Task requirements: No pictures belong in the answer. Repeat all the entries exactly.

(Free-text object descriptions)
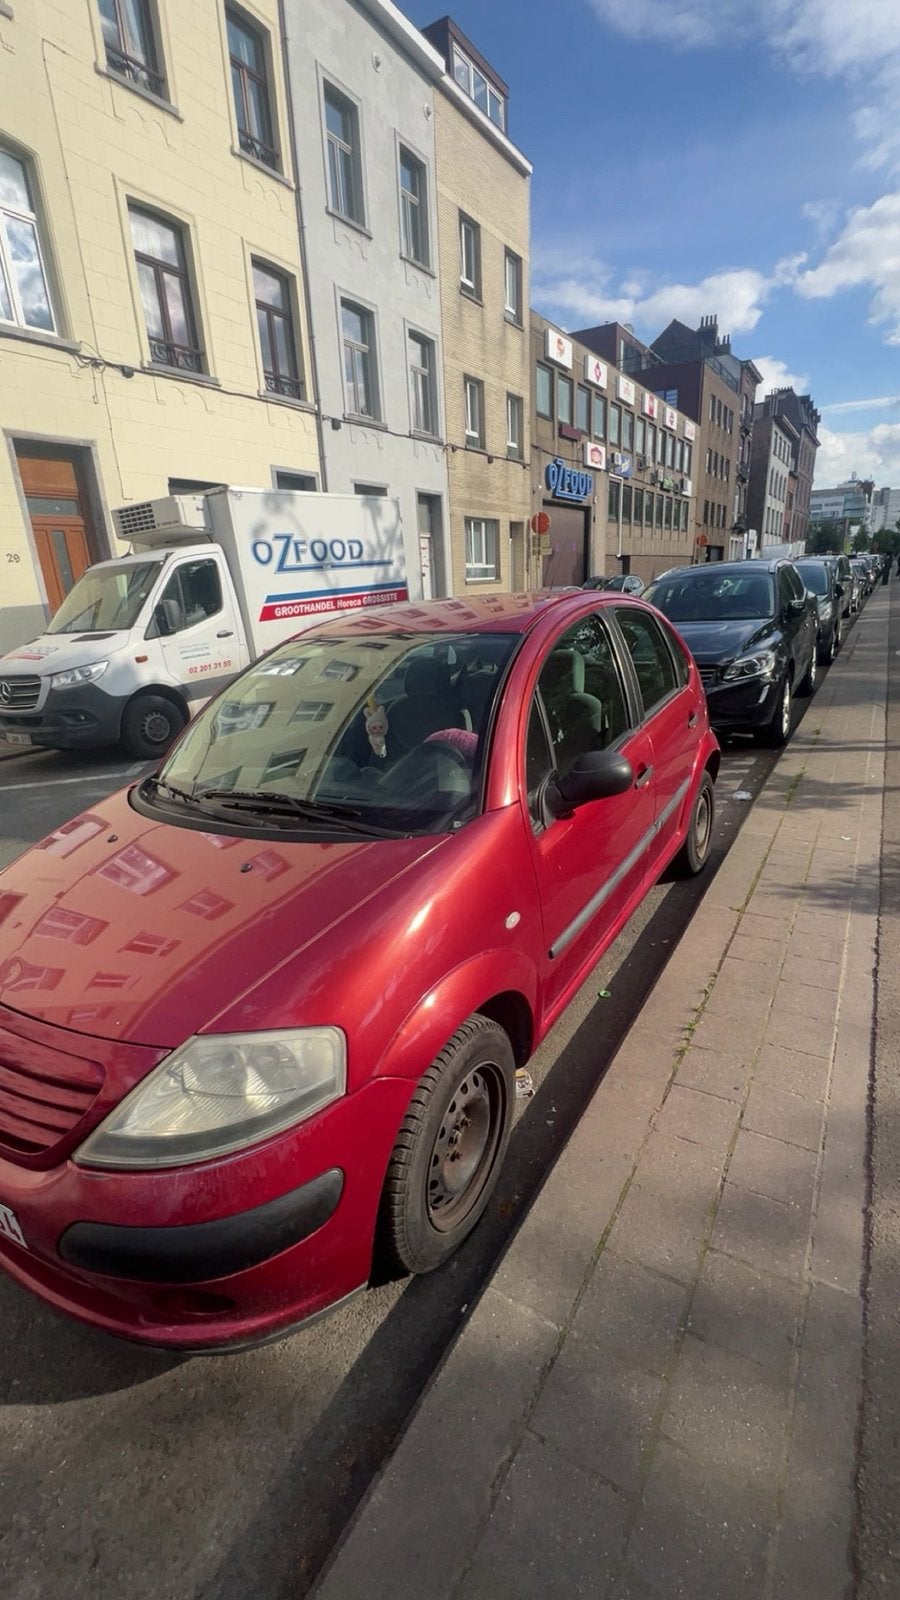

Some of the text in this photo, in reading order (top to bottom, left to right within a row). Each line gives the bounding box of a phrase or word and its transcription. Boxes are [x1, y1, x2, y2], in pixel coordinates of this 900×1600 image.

[546, 458, 593, 502] OZFOOD
[6, 553, 20, 563] 29
[251, 533, 393, 574] OZFOOD
[274, 592, 398, 616] GROOTHANDEL Horeca GROSSISTE
[189, 666, 198, 674] 02
[200, 664, 212, 673] 201

Task result:
Some of the text in this photo, in reading order (top to bottom, left to right within a row). Each line gives the bounding box of a phrase or word and its transcription. Boxes are [x1, y1, x2, y2], in pixel coordinates of this 900×1600 image.

[546, 458, 593, 502] OZFOOD
[6, 553, 20, 563] 29
[251, 533, 393, 574] OZFOOD
[274, 592, 398, 616] GROOTHANDEL Horeca GROSSISTE
[189, 666, 198, 674] 02
[200, 664, 212, 673] 201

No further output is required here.